Les jeans extensibles sont un must

Soupe macque choux au maïs, poisson-chat à l’étouffée, plateaux d’écrevisses… Oui, on est bien en Louisiane! Pour goûter une version authentique et très riche de cette cuisine, rendez-vous chez Prejean’s, une vraie institution, où un alligator empaillé trône en plein milieu de la salle à manger. Son enchilada aux écrevisses crémeuse et sa tarte aux pacanes et aux patates douces nous ont laissé des souvenirs indélébiles (et un peu coupables). Heureusement qu’il existe aussi des versions plus légères et réactualisées des spécialités régionales, comme chez Jolie’s Louisiana Bistro, où on a goûté à des fruits de mer énormes et juteux, à des shrimp & grits crémeux comme il se doit et à un mac’n’cheese au gouda fumé décadent. Rassurez-vous, on y sert aussi des salades…

Il y a de la magie dans les bayous

Assis dans une petite barque qui nous fait passer entre les bras osseux et arachnéens des grands cyprès, on fend tranquillement les eaux opaques du Lake Martin. On aperçoit un tronc d’arbre couvert de mousse, puis on voit un plan d’eau voilé par un épais tapis d’herbes vertes, si vives qu’on les croirait dessinées avec un crayon Crayola. «Chaque saison apporte quelque chose de nouveau. En ce temps de l’année (on est au mois de janvier), c’est comme un renouveau», affirme notre guide, Gerry Lasseigne (champagnesswamptours.com). Massif, rougeaud et vêtu d’une veste de camouflage, il pourrait ressembler à un personnage de la série Duck Dynasty… si ce n’est qu’il nous parle de SON marais avec une tendresse et une poésie rares. On le comprend, les alligators ont eu beau se cacher profondément sous la surface du lac ce jour-là, on est repartis de la visite du bayou éblouis par la Louisiane sauvage et hors du temps qu’on y a entraperçue.
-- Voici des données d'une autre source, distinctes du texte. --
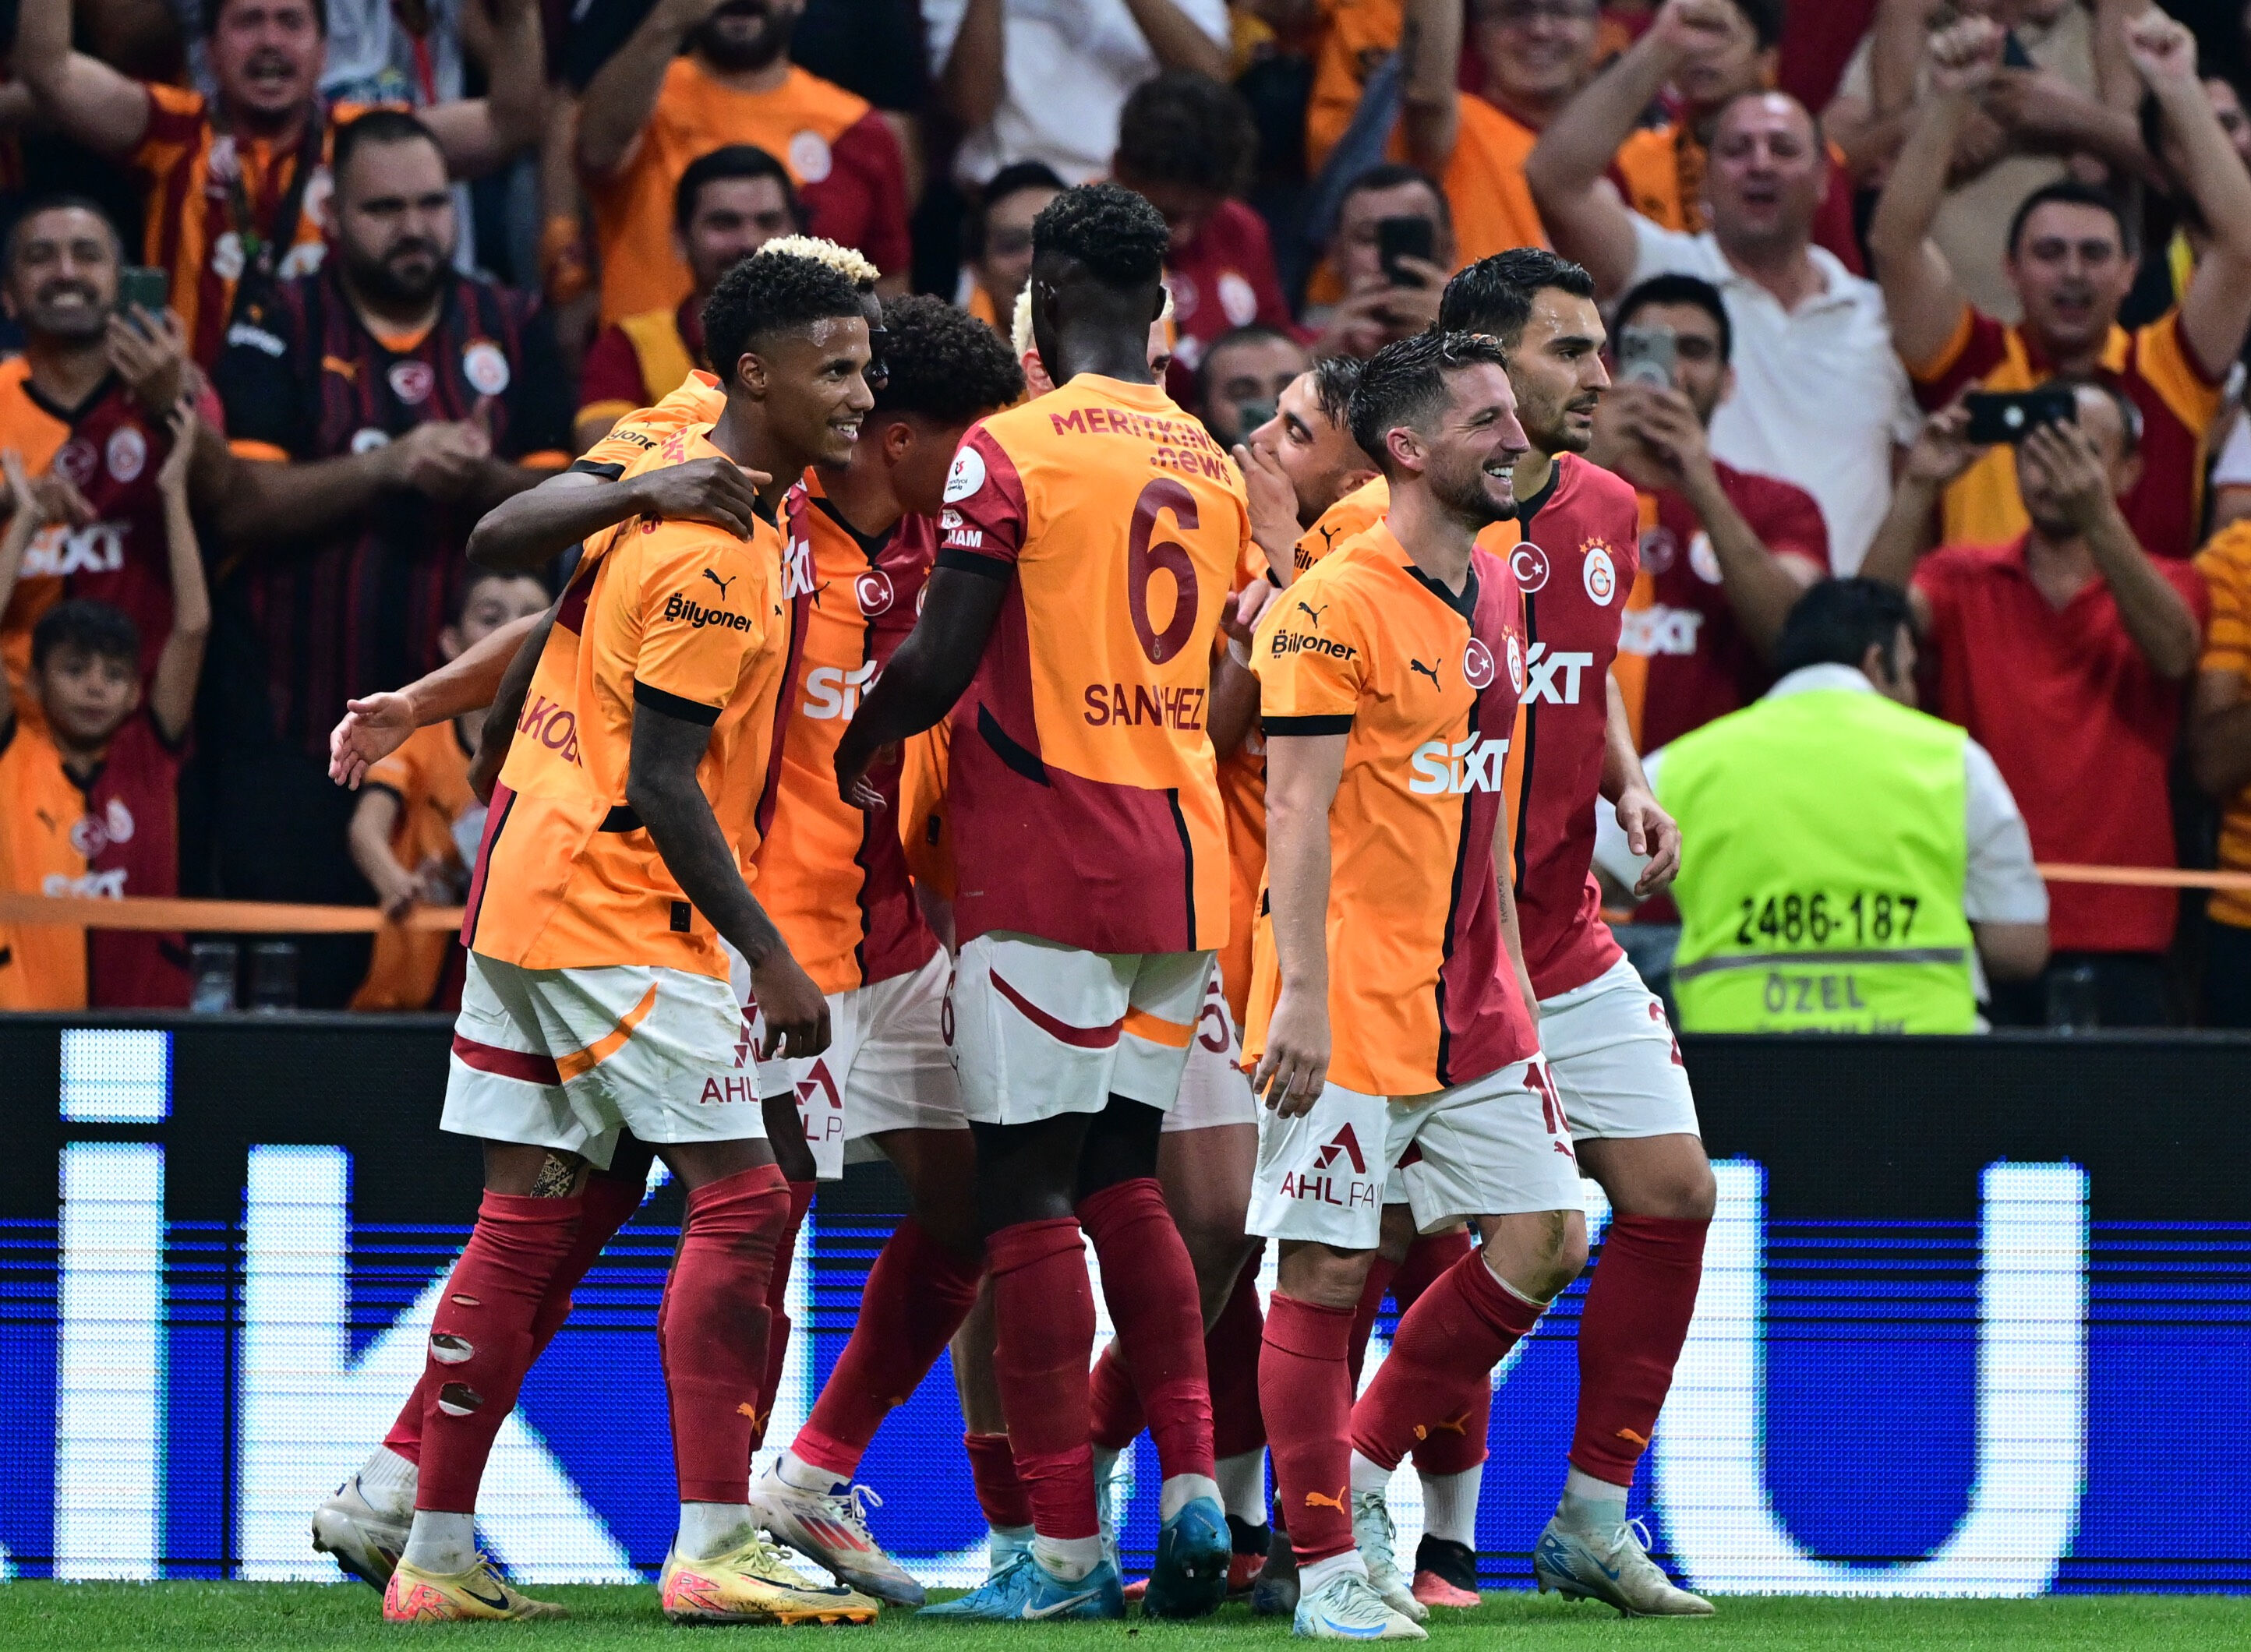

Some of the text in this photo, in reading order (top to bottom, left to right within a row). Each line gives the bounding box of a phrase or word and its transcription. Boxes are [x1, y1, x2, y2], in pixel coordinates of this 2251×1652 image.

Vrai, il y a quelque chose de magique là-bas!

Les végétaliens vont pleurer

«Hot boudin to-day» annonce une pancarte défraîchie à l’extérieur du Johnson’s Boucanière. Chaque jour, il y a foule devant le comptoir de ce resto-boucherie, reconnu pour ses chaînes de boudin épicé servi fumant et emballé dans du papier sulfurisé. Les gens du pays aiment passionnément ces saucisses à base de riz, du porc et des épices (et non pas, comme leur cousin français, à partir de sang caillé). Il s’en vend partout, tant dans des restos chics que dans des stations-services, mais les habitants du coin vous diront que la vraie façon de les déguster est debout à côté de la voiture, pendant qu’elles sont encore chaudes. C’est ce qu’on a fait un après-midi en s’arrêtant au supermarché NuNu’s, à Broussard, où une petite dame fière de dire que son boudin remportait tous les concours régionaux nous a servi une saucisse bien piquante (le site boudinlink.com répertorie d’autres bonnes adresses dans les environs). Ça y est, on se sentait louisianais dans l’âme!

Y aller préférablement durant un festival et visiter, par la même occasion, la Nouvelle-Orléans.

Dormir au The Juliet Hotel, idéalement situé en plein centre-ville de Lafayette.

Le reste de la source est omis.